The miracle busters

Millions of Indians still seem to believe in miracle over reason and continue to get conned by ‘godmen’.


Raksha Kumar June 17, 2012

It may be touted as the up-and-coming regional player, but millions of Indians still seem to believe in miracle over reason and continue to get conned by ‘godmen’. A handful of rationalists are out to debunk these claims, but there is a long road ahead for them.

They had come from near and far, united in their desire to witness a miracle with their own eyes. These several hundred believers crowded around a crucifix that lay hanging in front of the Church of Our Lady of Velankanni in Vile Parle, Mumbai, in April this year.
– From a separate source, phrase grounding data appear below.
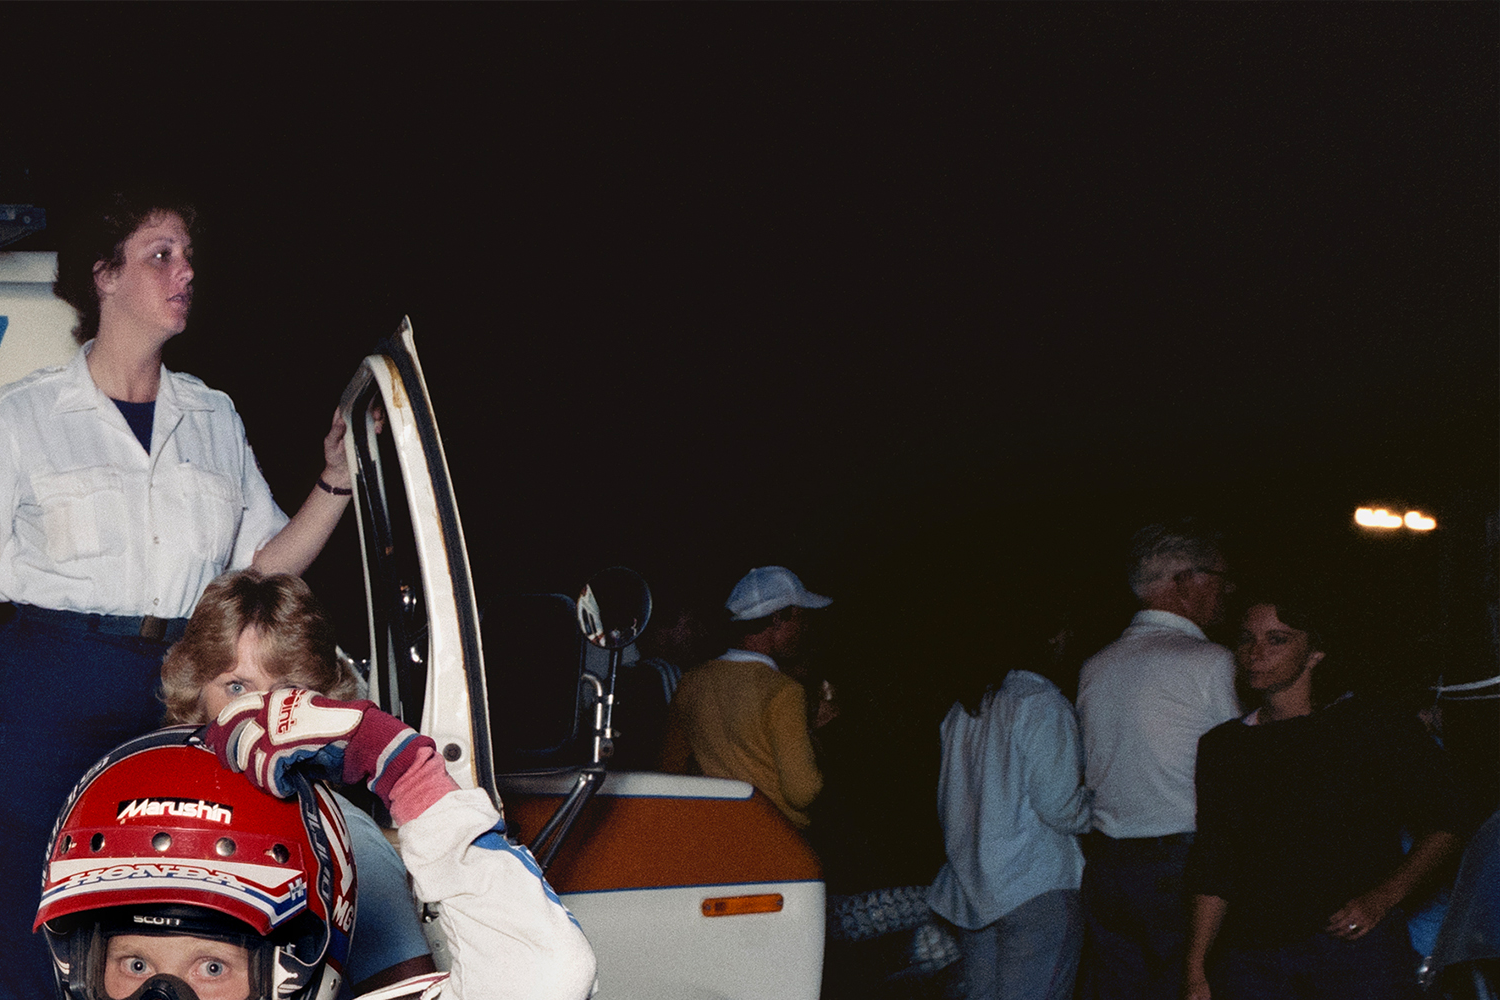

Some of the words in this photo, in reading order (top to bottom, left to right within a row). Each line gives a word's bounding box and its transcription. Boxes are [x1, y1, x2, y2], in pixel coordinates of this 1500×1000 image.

[116, 798, 233, 825] Marushin
[64, 863, 246, 891] HONDA
[133, 915, 182, 927] SCOTT
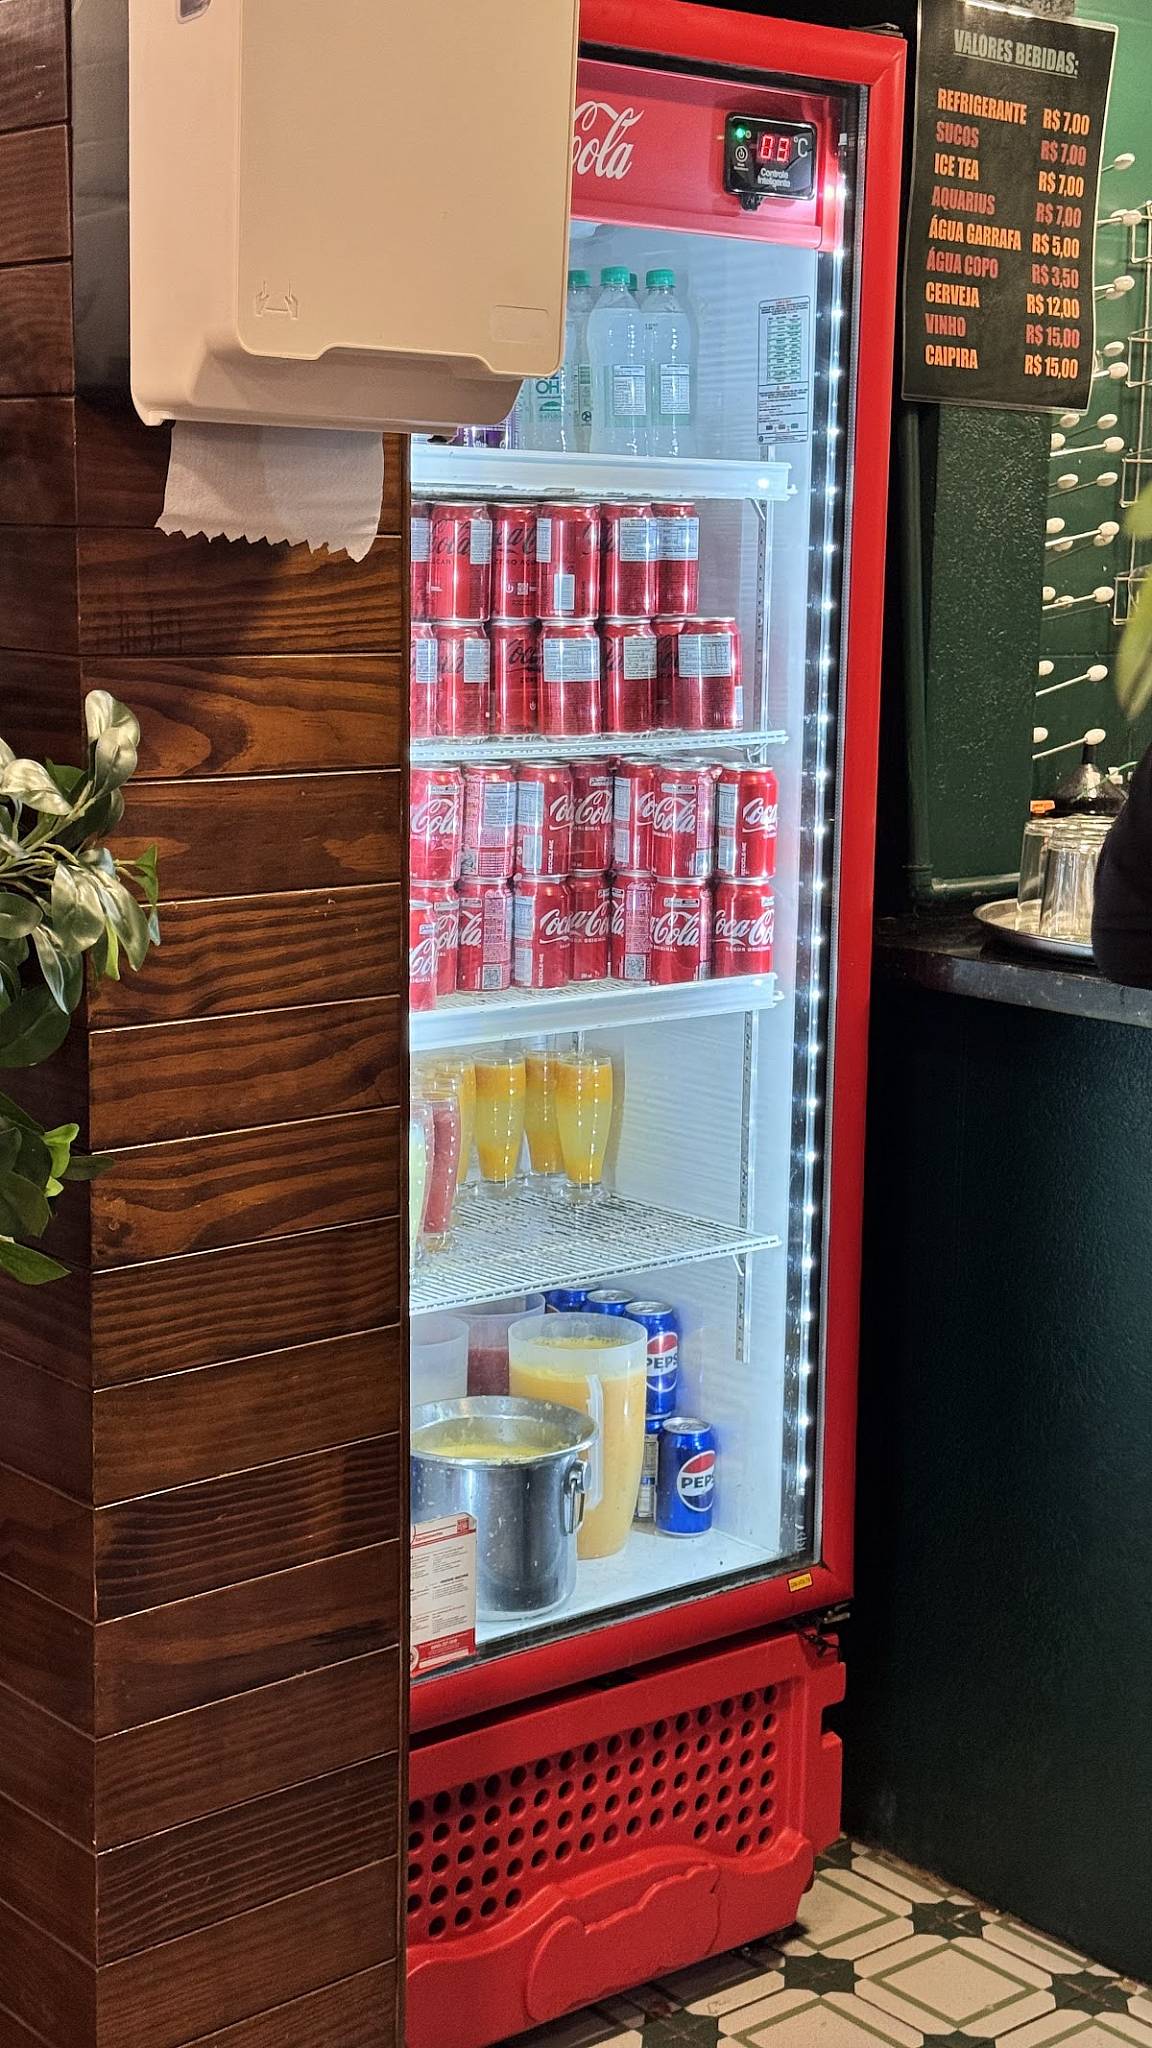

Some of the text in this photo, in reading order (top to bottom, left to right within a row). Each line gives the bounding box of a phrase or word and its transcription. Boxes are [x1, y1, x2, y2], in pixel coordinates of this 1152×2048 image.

[954, 29, 1080, 76] VALORES BEBIDAS:
[937, 88, 1091, 137] REFRIGERANTE R$ 7,00
[936, 121, 1087, 168] SUCOS R$ 7,00
[934, 153, 1085, 199] ICE TEA R$ 7,00
[931, 185, 1082, 229] AQUARIUS R$ 7,00
[928, 213, 1080, 260] ÁGUA GARRAFA R$ 5,00
[926, 246, 1080, 290] ÁGUA COPO R$ 3,50
[925, 281, 1081, 320] CERVEJA R$ 12,00
[925, 313, 1081, 350] VINHO R$ 15,00
[925, 344, 1079, 380] CAIPIRA R$ 15,00
With delight in their eyes and hope in their hearts, they almost stepped on each other’s feet to catch a peep of the tiny droplets of water dripping from the feet of the crucifix. According to the Church, this was a miracle and the water was divine.
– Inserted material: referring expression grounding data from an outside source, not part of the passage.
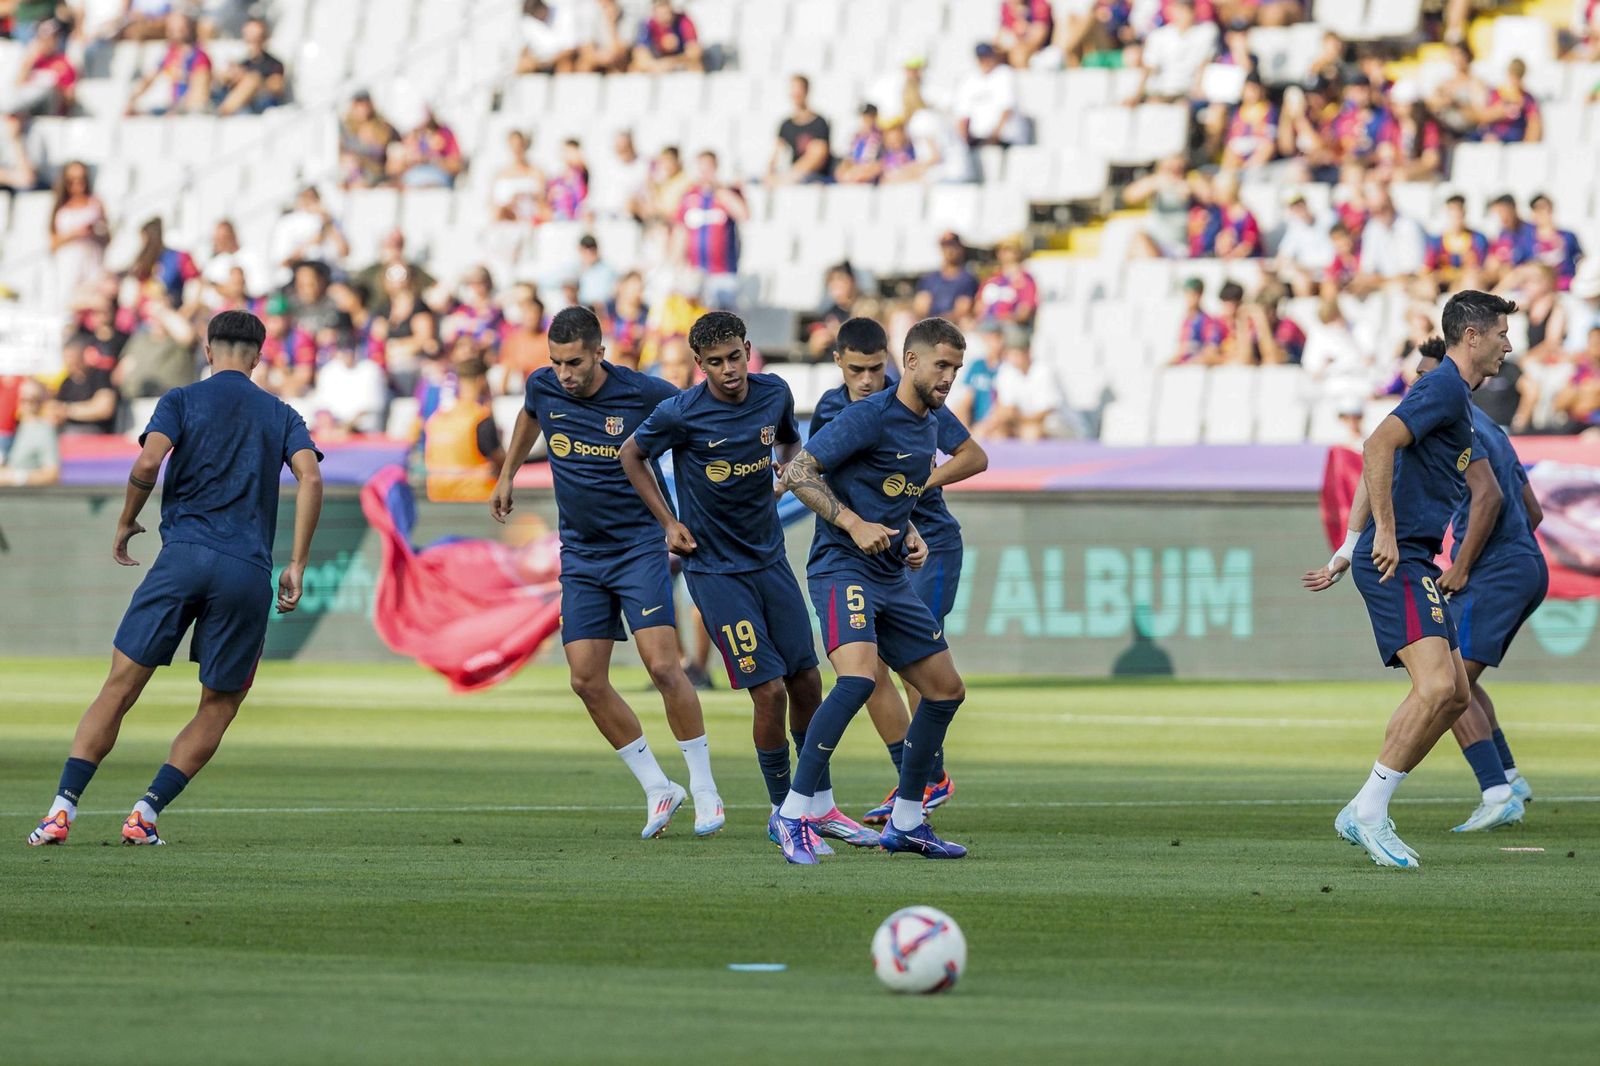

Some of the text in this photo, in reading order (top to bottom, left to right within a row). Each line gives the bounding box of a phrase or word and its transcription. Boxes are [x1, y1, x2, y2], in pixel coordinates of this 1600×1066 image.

[574, 441, 621, 460] Spotify
[733, 456, 770, 477] Spotif
[846, 585, 865, 612] 5
[985, 546, 1254, 638] ALBUM
[1421, 576, 1440, 604] 9
[721, 619, 758, 656] 19
This claim, and many others like it, is believed by millions of ordinary Indians who hold in reverence babas and sais who advise them on everything from their daughter’s weddings to crucial business decisions.

“If people can apply reason when they buy a car or a phone, why can’t they apply reason in other, more important aspects of life?” questions Narendra Nayak, president of the Federation of Indian Rationalist Associations. “It is because we are conditioned from a young age to not question rationally. Therefore, the Nirmal babas of the world survive.”

Nayak is referring to Nirmal Baba alias Nirmaljit Singh Narula, a 60-year-old ‘spiritual leader’, who faces at least four cases of fraud and cheating in several Indian high courts but nevertheless continues to be revered by thousands of followers.

But while serious allegations like these appear to make little difference to these diehard followers, others like Nayak think it important to inspect the claims these men make.

In the church’s holy water case, Sanal Edamaruku, founder-president of Rationalist International, decided to investigate the claim. As he had expected, it was a faulty drainage line in a building and not a miracle that was causing water to drip.

Although he was careful not to overstep the law, his curiosity landed him in legal trouble nonetheless. Days after he debunked the claim, the church filed charges against him and an arrest warrant was issued under Section 295A of the Indian Penal Code (India’s closest equivalent to the Blasphemy law) which ‘punishes attempts to insult the religion or the religious beliefs of a citizen with deliberate and malicious intent to outrage their religious feelings.’

Skeptics and rationalists have always been busy in India and this is one of the latest cases in their crusade against superstition and blind faith. “Every day there is someone claiming a miracle,” says Edamuruku. “It only needs a scientific bent of mind to explain such ‘miracles’.”

India is the birthplace of at least two major religions, and home to adherents of just about every creed in the world. According to the official government census of 2011, more than 99% of the population identifies itself as following one religion or another even though the census gave the option of identifying oneself as belonging to ‘no religion’. Rationalists and irreligious people say that such an overarching belief in religion is exploited by self-proclaimed ‘godmen’ for power and money.

They give the example of Sri Satya Sai Baba, a spiritual guru whose miraculous claims have around 30 million believers across the world, despite him being at the centre of many controversies. In 2004, a BBC documentary had exposed certain sexual abuse claims against him and soon after his death in April last year, Satya Sai Trust members found 120 million Indian rupees in cash, 98 kilogrammes of gold and 300 kilogrammes of silver inside the Yajur Temple — the personal chambers of the Sai Baba — near Bangalore.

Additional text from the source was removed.